§ **What is expected**
Before repeating the entries below, strip out every picture and keep all else as it is.

+--

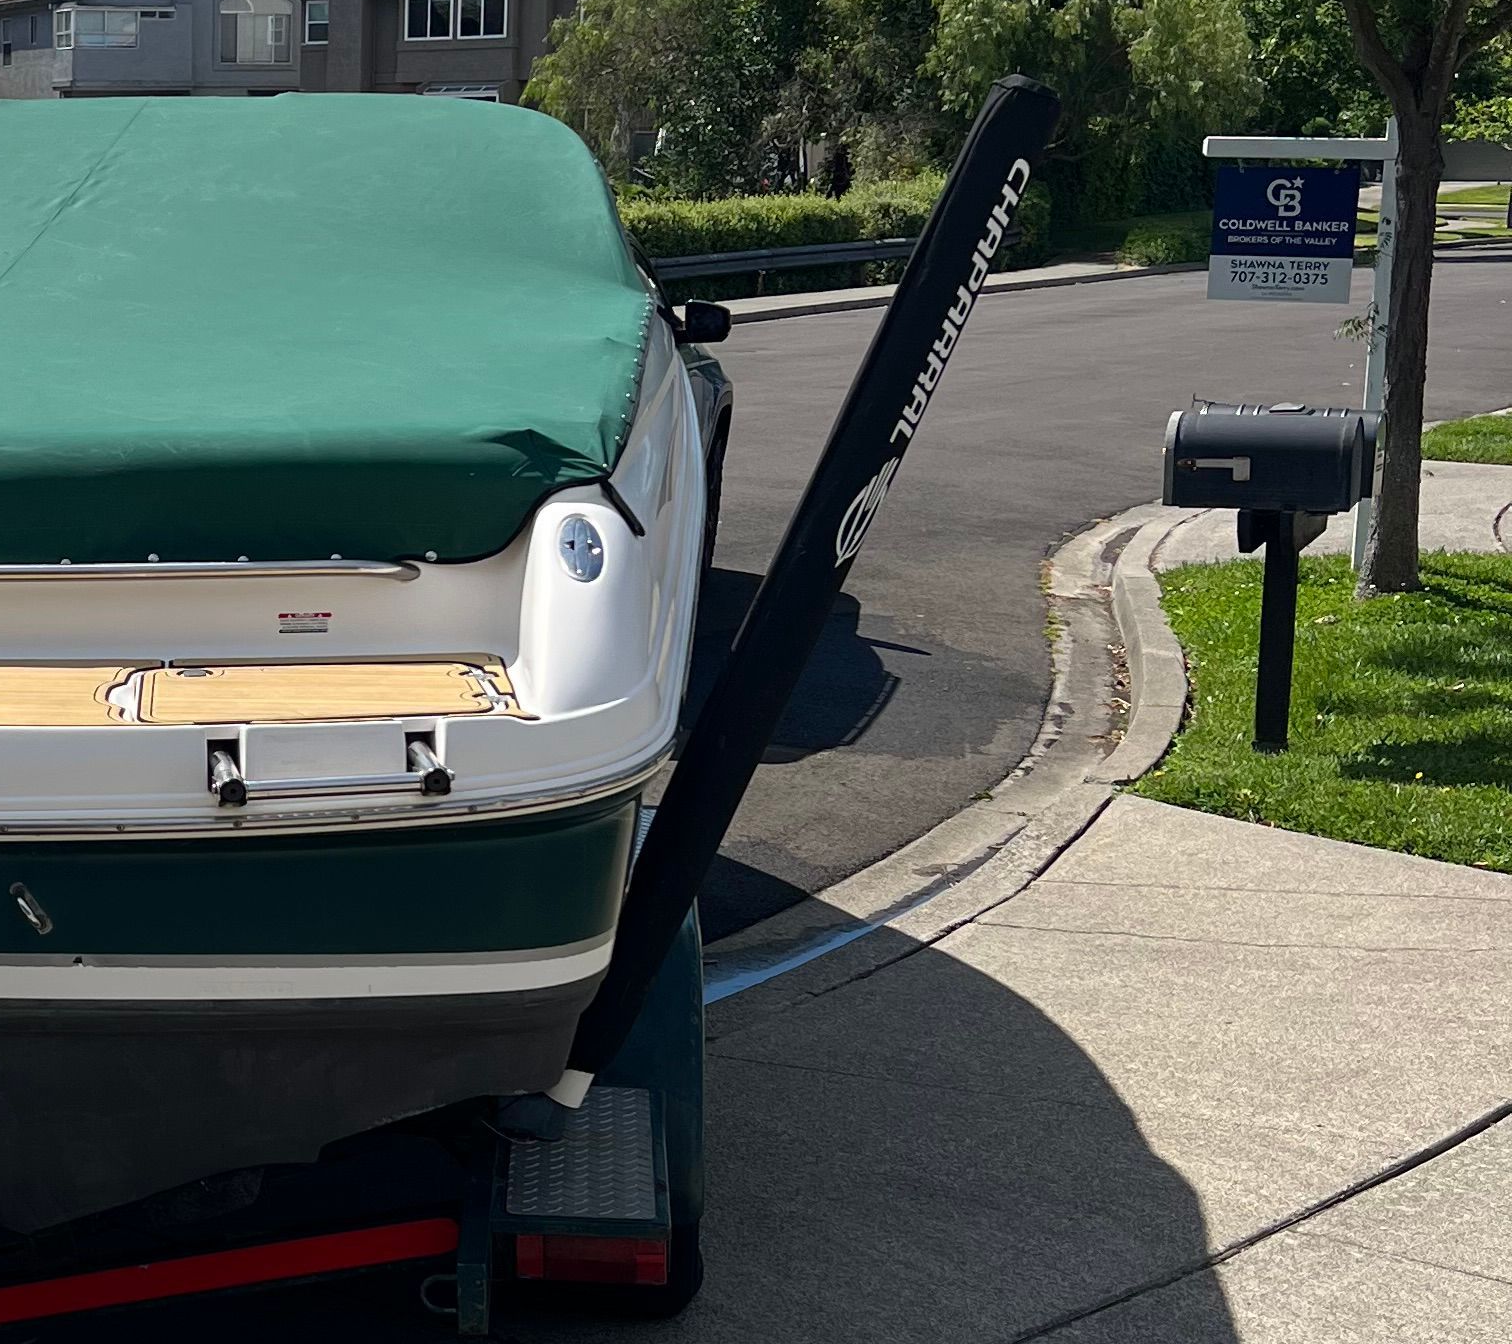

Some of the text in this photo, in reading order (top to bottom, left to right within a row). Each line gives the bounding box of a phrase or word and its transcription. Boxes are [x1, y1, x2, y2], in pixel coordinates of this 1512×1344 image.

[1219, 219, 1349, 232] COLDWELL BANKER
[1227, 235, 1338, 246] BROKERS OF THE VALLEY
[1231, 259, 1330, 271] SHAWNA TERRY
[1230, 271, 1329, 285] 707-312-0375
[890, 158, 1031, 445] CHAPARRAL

+--

§ **The completed task**
Some of the text in this photo, in reading order (top to bottom, left to right within a row). Each line gives the bounding box of a phrase or word and its transcription. Boxes are [x1, y1, x2, y2], in pixel coordinates of this 1512×1344 image.

[1219, 219, 1349, 232] COLDWELL BANKER
[1227, 235, 1338, 246] BROKERS OF THE VALLEY
[1231, 259, 1330, 271] SHAWNA TERRY
[1230, 271, 1329, 285] 707-312-0375
[890, 158, 1031, 445] CHAPARRAL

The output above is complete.